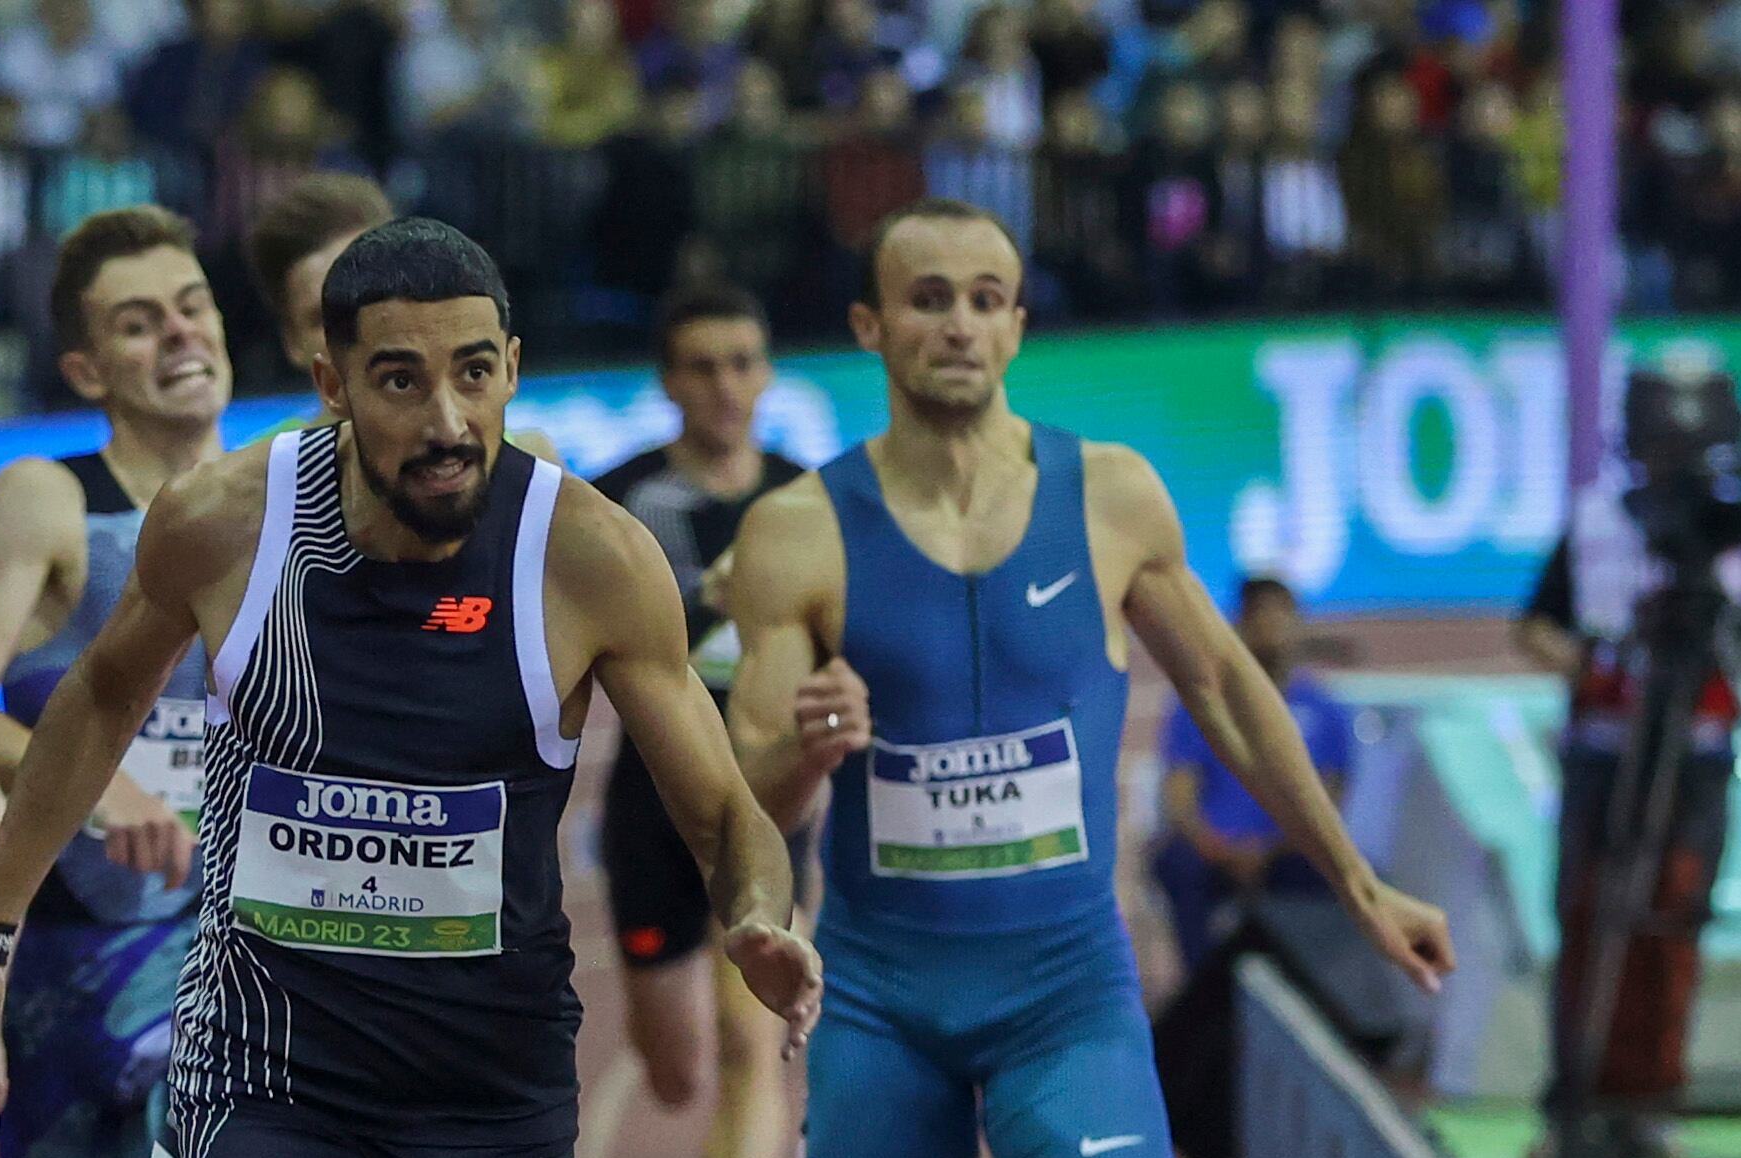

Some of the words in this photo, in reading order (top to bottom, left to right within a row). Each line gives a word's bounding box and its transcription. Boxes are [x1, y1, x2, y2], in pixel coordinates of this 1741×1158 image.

[420, 597, 492, 632] NB
[297, 780, 448, 827] Joma
[927, 781, 1020, 809] TUKA
[361, 876, 377, 893] 4
[339, 892, 424, 912] MADRID
[254, 912, 365, 942] MADRID
[373, 925, 410, 947] 23
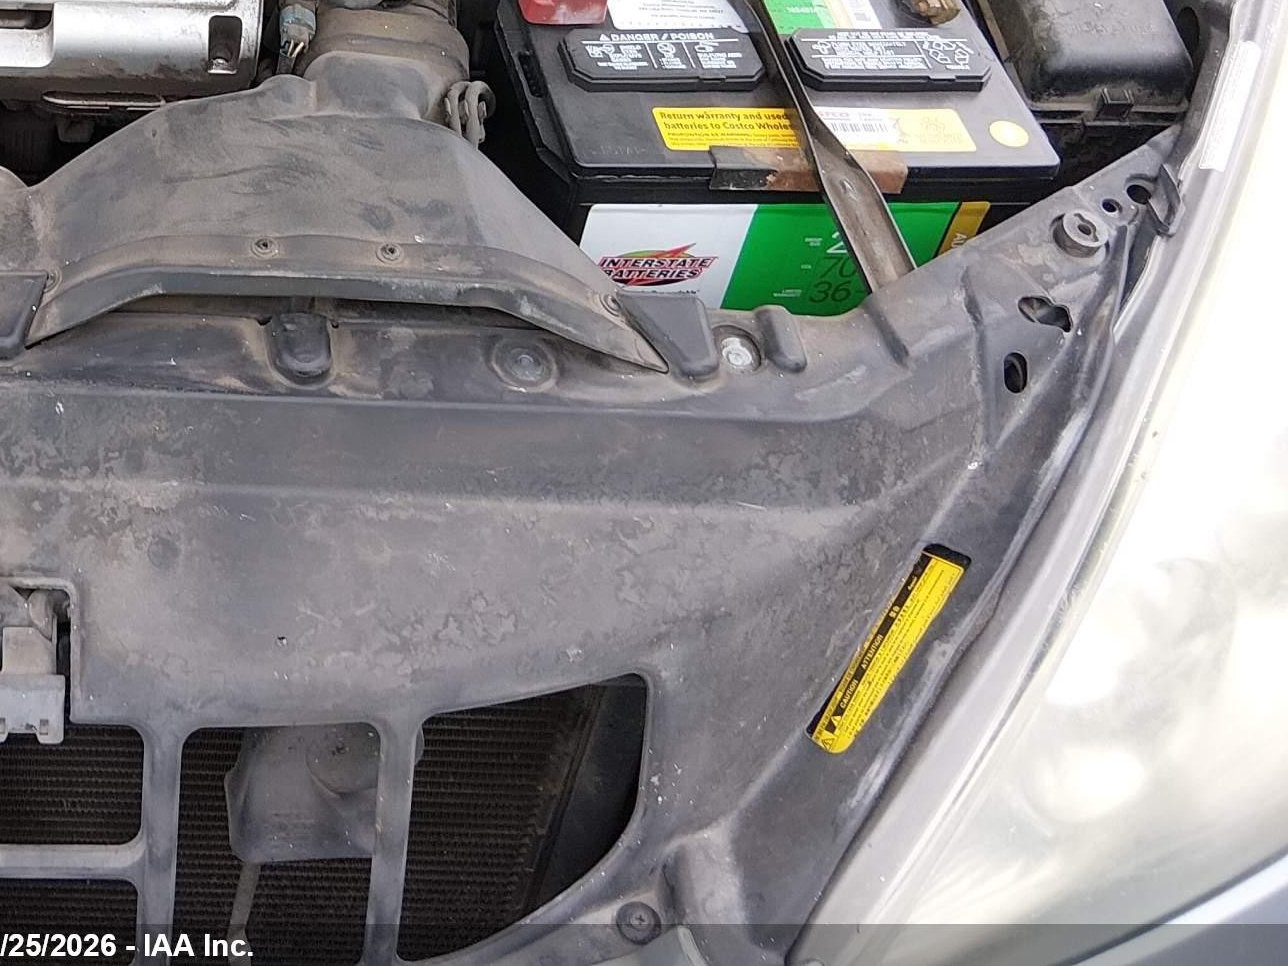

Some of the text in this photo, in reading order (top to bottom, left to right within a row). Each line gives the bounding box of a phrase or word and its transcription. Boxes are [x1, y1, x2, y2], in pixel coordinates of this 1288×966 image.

[611, 33, 659, 41] DANGER
[670, 32, 714, 40] POISON
[696, 111, 741, 121] warranty
[743, 112, 762, 120] and
[722, 121, 754, 129] Costco
[600, 257, 713, 268] INTERSTATE
[603, 269, 700, 279] BATTERIES
[840, 679, 859, 709] CAUTION
[861, 634, 884, 670] ATTENTION
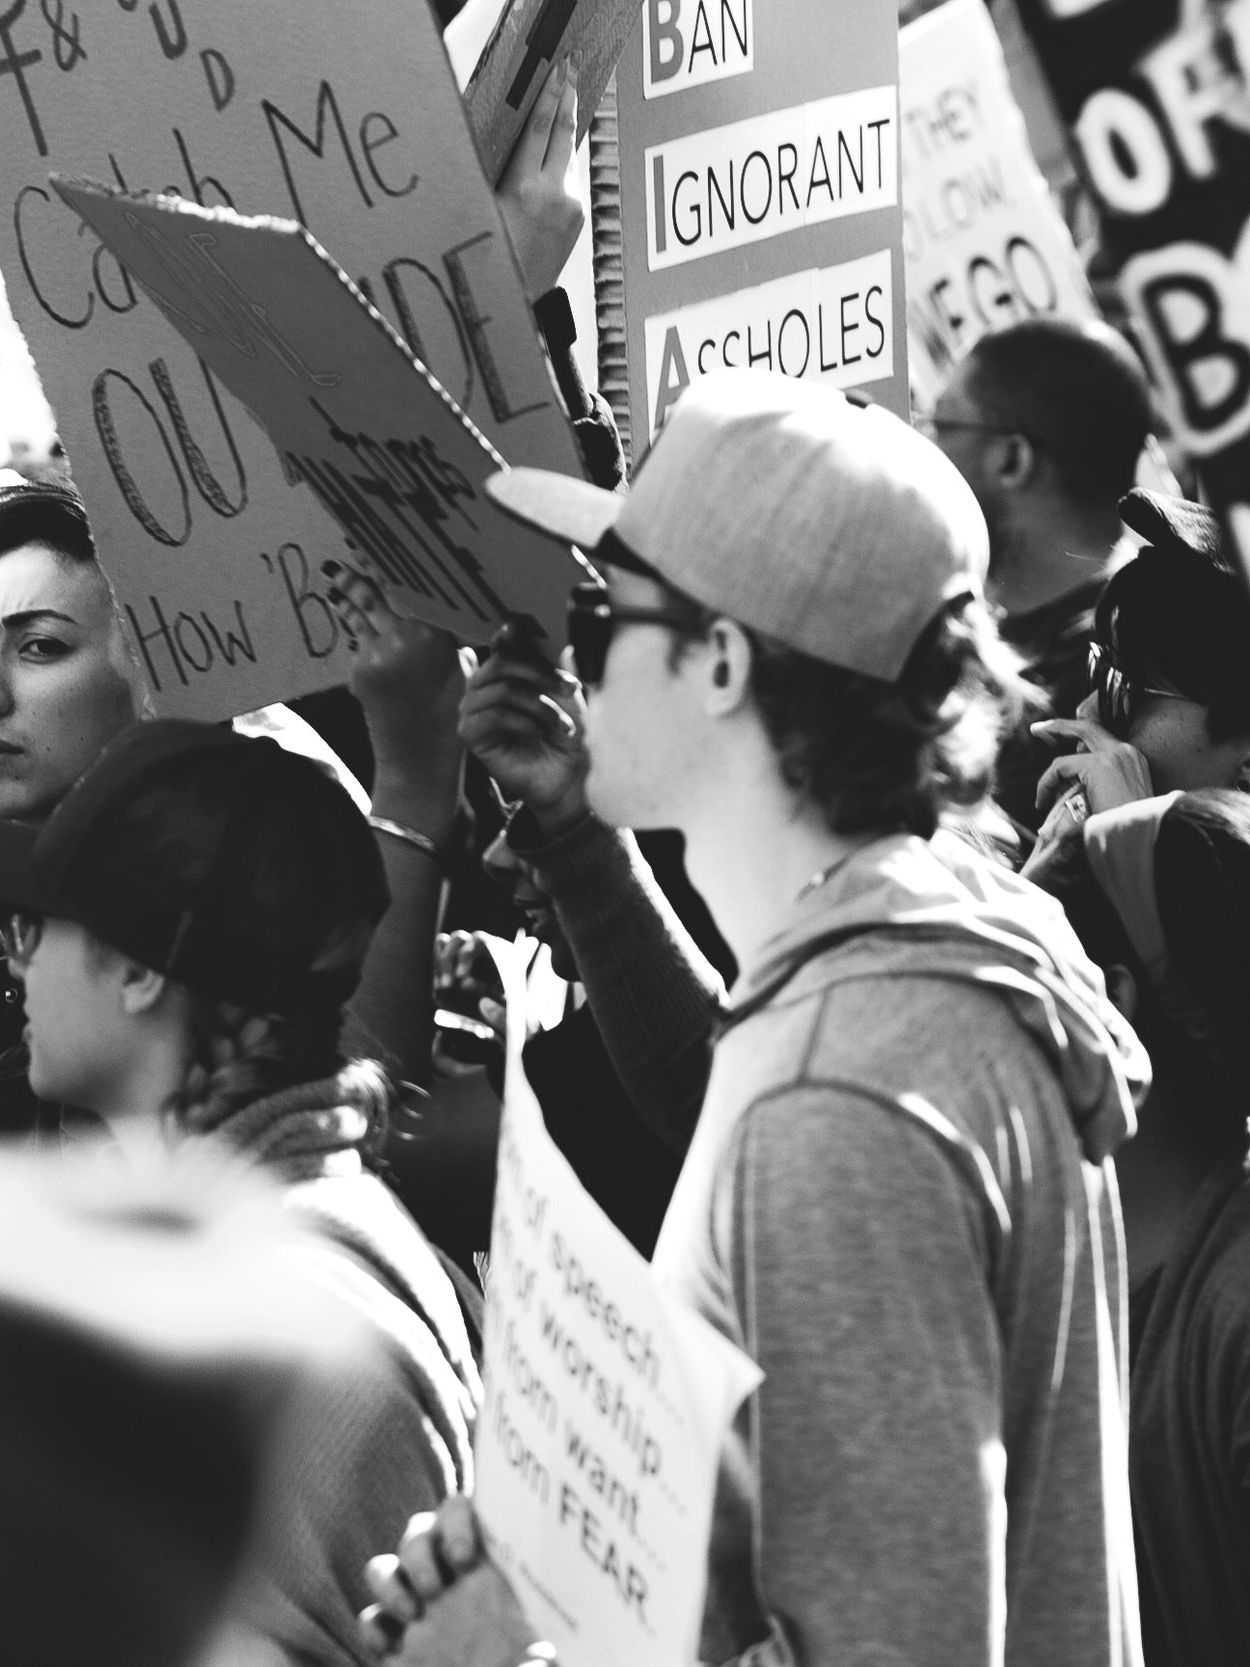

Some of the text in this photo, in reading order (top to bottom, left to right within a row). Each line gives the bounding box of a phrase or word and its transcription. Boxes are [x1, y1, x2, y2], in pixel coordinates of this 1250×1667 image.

[650, 0, 748, 84] BAN
[13, 79, 420, 329] Cah Me
[653, 118, 891, 255] IGNORANT
[93, 230, 550, 548] OUDE
[653, 285, 886, 430] ASSHOLES
[124, 595, 258, 692] How
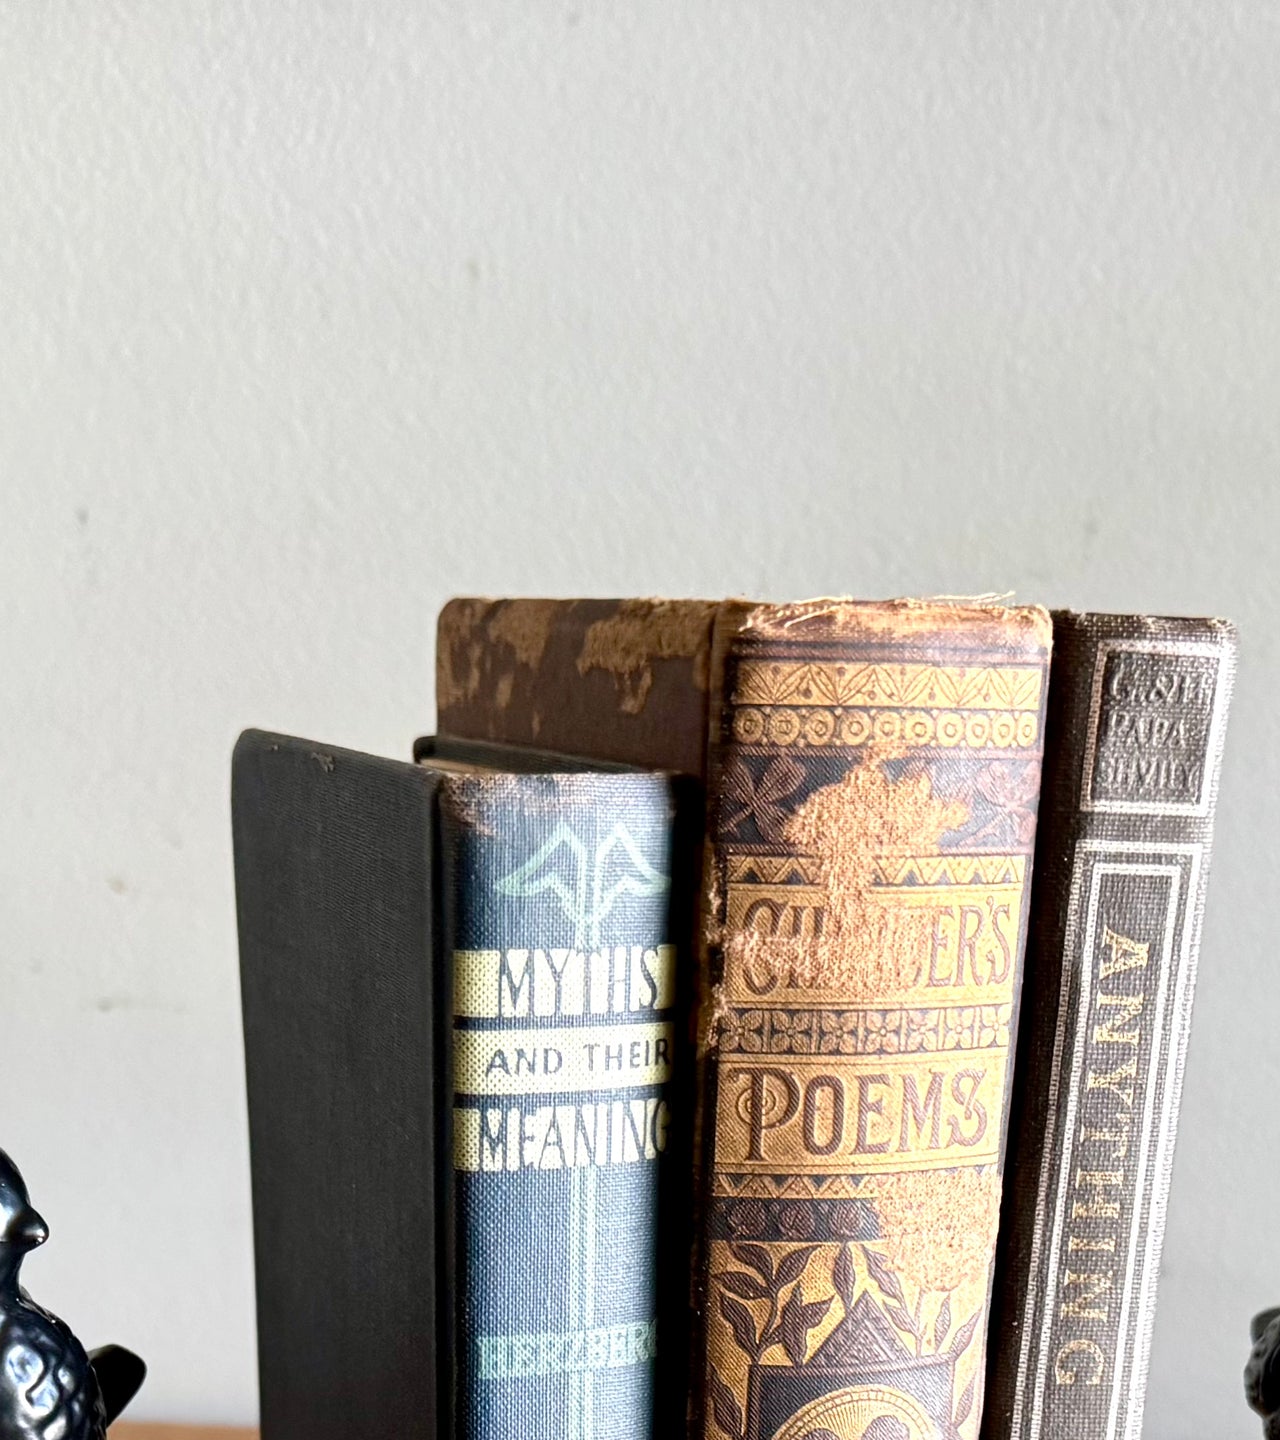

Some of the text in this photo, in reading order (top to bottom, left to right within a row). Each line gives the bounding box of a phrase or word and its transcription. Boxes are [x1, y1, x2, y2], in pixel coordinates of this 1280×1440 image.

====================

__What you are asked to do__.
The listing should be transcribed exactly. No picture is to appear in the transcription.

__Exercise solution__.
Some of the words in this photo, in reading order (top to bottom, left to right within a row). Each line gives a word's bounding box and its transcription. Boxes are [x1, y1, x2, y2], in pixel coordinates of this 1741×1158 image.

[420, 597, 492, 632] NB
[297, 780, 448, 827] Joma
[927, 781, 1020, 809] TUKA
[361, 876, 377, 893] 4
[339, 892, 424, 912] MADRID
[254, 912, 365, 942] MADRID
[373, 925, 410, 947] 23

Some of the text in this photo, in reading order (top to bottom, left to right within a row). Each line gives the bounding box of a phrase or word and its transcription. Boxes are [x1, y1, x2, y2], in pixel coordinates of this 1288×966 image.

[611, 33, 659, 41] DANGER
[670, 32, 714, 40] POISON
[696, 111, 741, 121] warranty
[743, 112, 762, 120] and
[722, 121, 754, 129] Costco
[600, 257, 713, 268] INTERSTATE
[603, 269, 700, 279] BATTERIES
[840, 679, 859, 709] CAUTION
[861, 634, 884, 670] ATTENTION

Some of the text in this photo, in reading order (top to bottom, left to right within a row). Each line gives the bounding box of a phrase or word and its transcription. Boxes are [x1, y1, x2, y2], in pixel coordinates of this 1250×1667 image.

[650, 0, 748, 84] BAN
[13, 79, 420, 329] Cah Me
[653, 118, 891, 255] IGNORANT
[93, 230, 550, 548] OUDE
[653, 285, 886, 430] ASSHOLES
[124, 595, 258, 692] How

Some of the text in this photo, in reading order (top to bottom, left to right within a row). Each line gives the bounding box of a phrase or word and its transcription. Boxes are [x1, y1, x2, y2], in pixel coordinates of this 1280×1440 image.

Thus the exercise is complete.